182.  In his appeals, however, the applicant had advanced arguments questioning the grounds for his detention. He had referred to concrete facts, for example that all the evidence had been collected during the first few months of the investigation, which minimised any danger of him obstructing the course of justice, that he had no criminal record and that there was no danger of his absconding in view of his age, family ties, state of health and way of life. The applicant had also asserted that the evidence against him was weak and that the charges had been based on erroneous interpretation of the relevant law (see paragraphs 48, 52 and 56 above).

183.  In their decisions, the domestic courts devoted no consideration to any of these arguments, apparently treating them as irrelevant to the question of the lawfulness of the applicant's pre-trial detention (see paragraphs 49-53, 58 and 61 above).

184.  The Court reiterates that arrested or detained persons are entitled to a review bearing upon the procedural and substantive conditions which are essential for the “lawfulness”, in the sense of the Convention, of their deprivation of liberty. This means that the competent court has to examine not only compliance with the procedural requirements set out in domestic law but also the reasonableness of the suspicion grounding the arrest and the legitimacy of the purpose pursued by the arrest and the ensuing detention (see the Brogan and Others v. the United Kingdom judgment of 29 November 1988, Series A no. 145-B, pp. 34-35, § 65; and Grauslys v. Lithuania, no. 36743/97, §§ 51-55, 10 October 2000).

185.  While Article 5 § 4 of the Convention does not impose an obligation to address every argument contained in the detainee's submissions, the judge examining appeals against detention must take into account concrete facts invoked by the detainee and capable of putting in doubt the existence of the conditions essential for the “lawfulness”, in the sense of the Convention, of the deprivation of liberty (see the Nikolova judgment, cited above, § 61).

186.  The submissions of the applicant contained such concrete facts and did not appear implausible or frivolous. By not taking them into account the domestic courts failed to provide a judicial review of the scope and nature required by Article 5 § 4 of the Convention.

187.  There has therefore been a violation of Article 5 § 4 of the Convention.

 

188.  The applicant also complained that the proceedings had not been decided speedily and that the principle of equality of arms had been infringed. Having found that the scope and nature of the judicial review afforded to the applicant by the domestic courts did not satisfy the requirements of Article 5 § 4 of the Convention, the Court does not need to examine whether other requirements of the same provision were also breached.

VI.  ALLEGED VIOLATION OF ARTICLE 5 § 5 OF THE CONVENTION

189.  The applicant complained that he did not have an enforceable right to compensation for the alleged violations of Article 5 of the Convention. Paragraph 5 of that provision states:

“Everyone who has been the victim of arrest or detention in contravention of the provisions of this Article shall have an enforceable right to compensation.”

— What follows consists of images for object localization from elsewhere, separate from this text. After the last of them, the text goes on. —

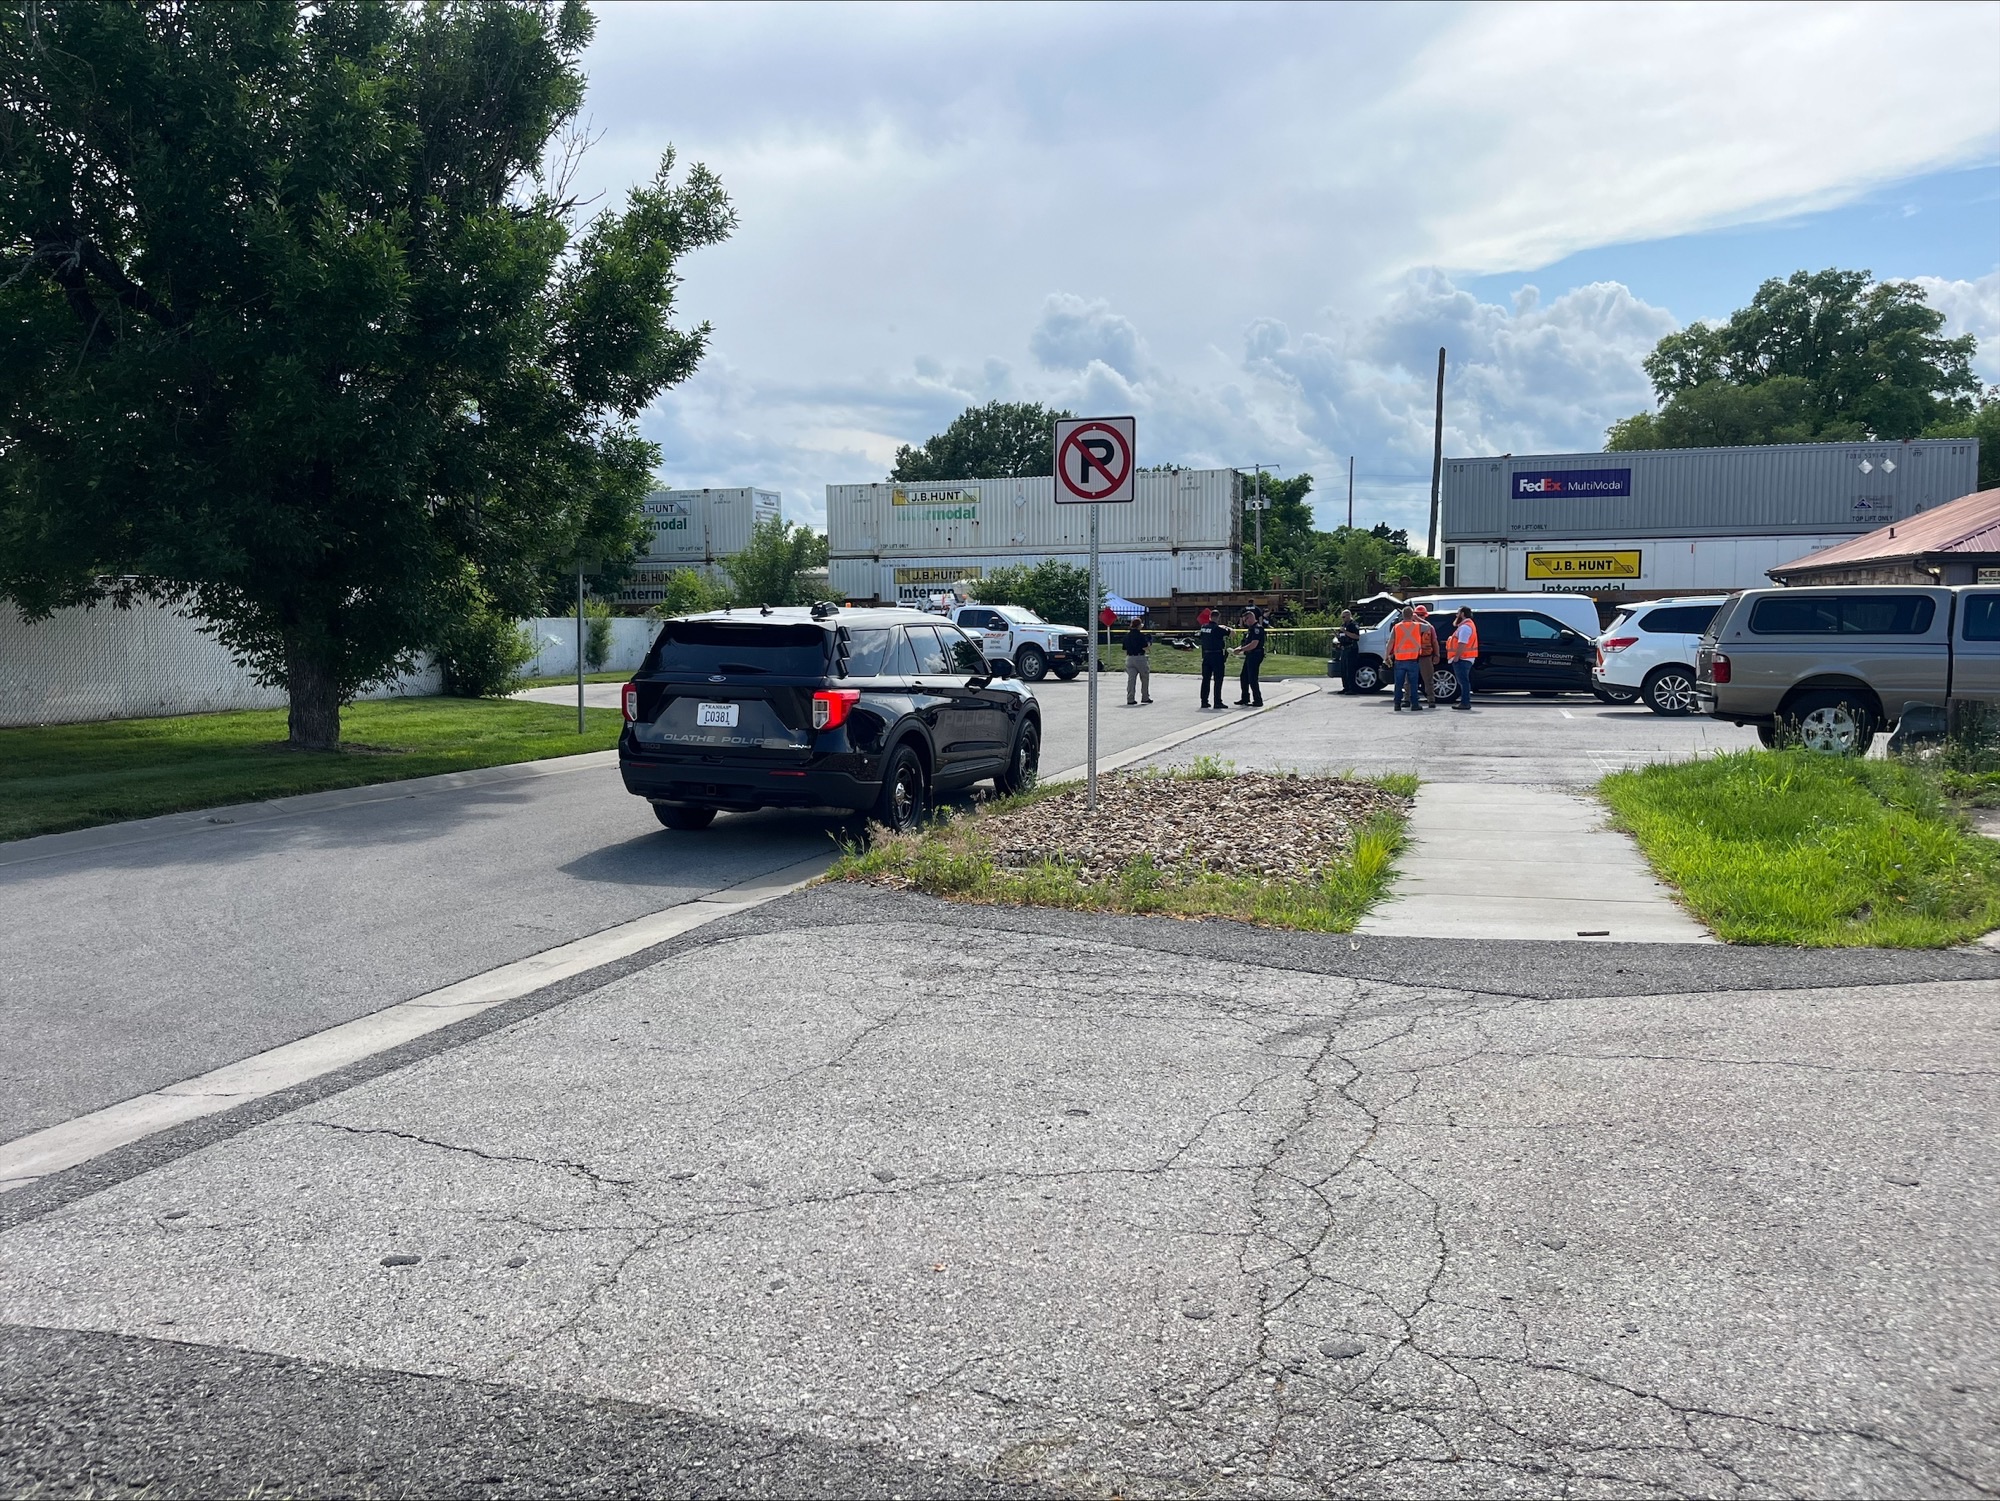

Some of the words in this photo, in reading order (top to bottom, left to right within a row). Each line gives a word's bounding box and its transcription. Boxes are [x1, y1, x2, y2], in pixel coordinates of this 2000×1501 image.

[1080, 439, 1114, 484] P
[1519, 479, 1561, 492] FedEx
[1568, 481, 1623, 491] MultiModal
[1578, 560, 1613, 571] HUNT
[663, 733, 716, 742] OLATHE
[721, 736, 774, 746] POLICE
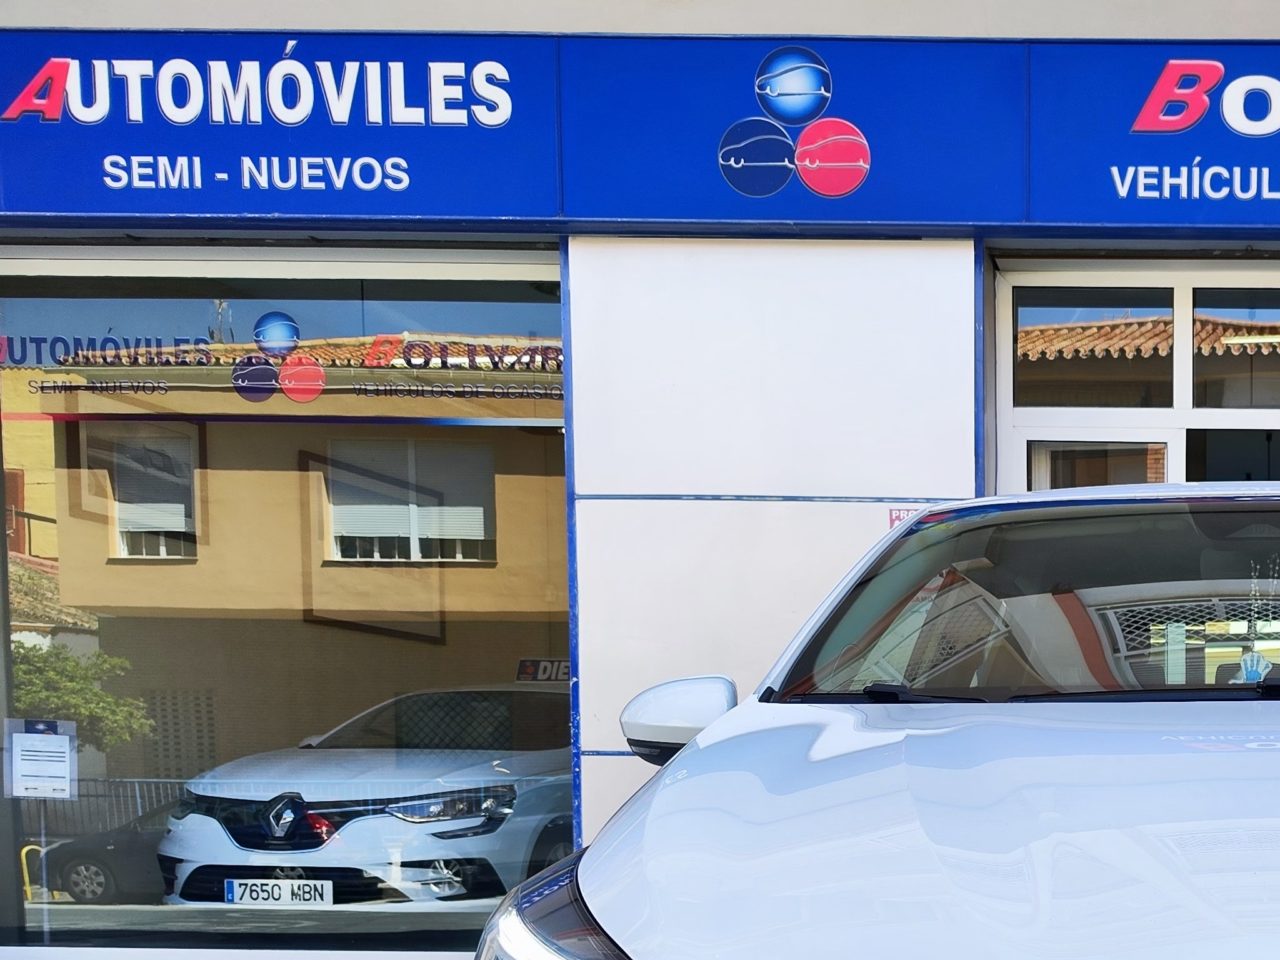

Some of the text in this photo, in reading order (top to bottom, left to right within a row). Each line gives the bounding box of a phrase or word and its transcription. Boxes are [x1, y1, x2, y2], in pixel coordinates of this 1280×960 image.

[0, 39, 513, 128] AUTOMÓVILES
[102, 155, 202, 189] SEMI
[241, 156, 410, 191] NUEVOS
[0, 327, 211, 366] UTOMÓVILES
[28, 379, 73, 395] SEMI
[91, 380, 169, 396] NUEVOS
[238, 883, 282, 901] 7650
[290, 883, 324, 902] MBN

190.  The applicant stated that under Bulgarian law it was not possible to obtain compensation for detention which violated the Convention but was nevertheless ordered in accordance with the formal requirements of the Code of Criminal Procedure. He stressed that there had never been a single precedent of a detainee obtaining compensation in such circumstances.

191.  The Government did not comment.

192.  The applicant's pre-trial detention infringed his right to be brought promptly before a judge or other officer authorised by law to exercise judicial power (see paragraph 167 above), his right to trial within a reasonable time or release pending trial (see paragraph 175 above) and his right to take proceedings by which all elements relevant to the lawfulness of detention could be decided by a court (see paragraph 187 above).

193.  It follows that Article 5 § 5 of the Convention is applicable. The Court must therefore establish whether or not Bulgarian law afforded the applicant an enforceable right to compensation for the breaches of Article 5 of the Convention in his case.

194.  In accordance with section 2(1) of the State Responsibility for Damage Act, a person who has been remanded in custody may seek compensation only if the detention order was set aside “for lack of lawful grounds”. This expression apparently refers to unlawfulness under domestic law. As far as it can be deduced from the scant practice reported under this provision, section 2(1) has only been applied in cases where the criminal proceedings were terminated on the basis that the charges were unproven or where the accused was acquitted (see paragraphs 93-95 above).

 

195.  In the present case the applicant's pre-trial detention was considered by the courts as being in full compliance with the requirements of domestic law and the proceedings against him are still pending. Therefore, the applicant has no right to compensation under section 2(1) of the State Responsibility for Damage Act. Nor does section 2(2) of the Act apply (see paragraphs 31-64 and 96 above).

196.  It follows that in the applicant's case the State Responsibility for Damage Act does not provide for an enforceable right to compensation.

197.  Furthermore, it does not appear that such a right is secured under any other provision of Bulgarian law (see paragraph 97 above).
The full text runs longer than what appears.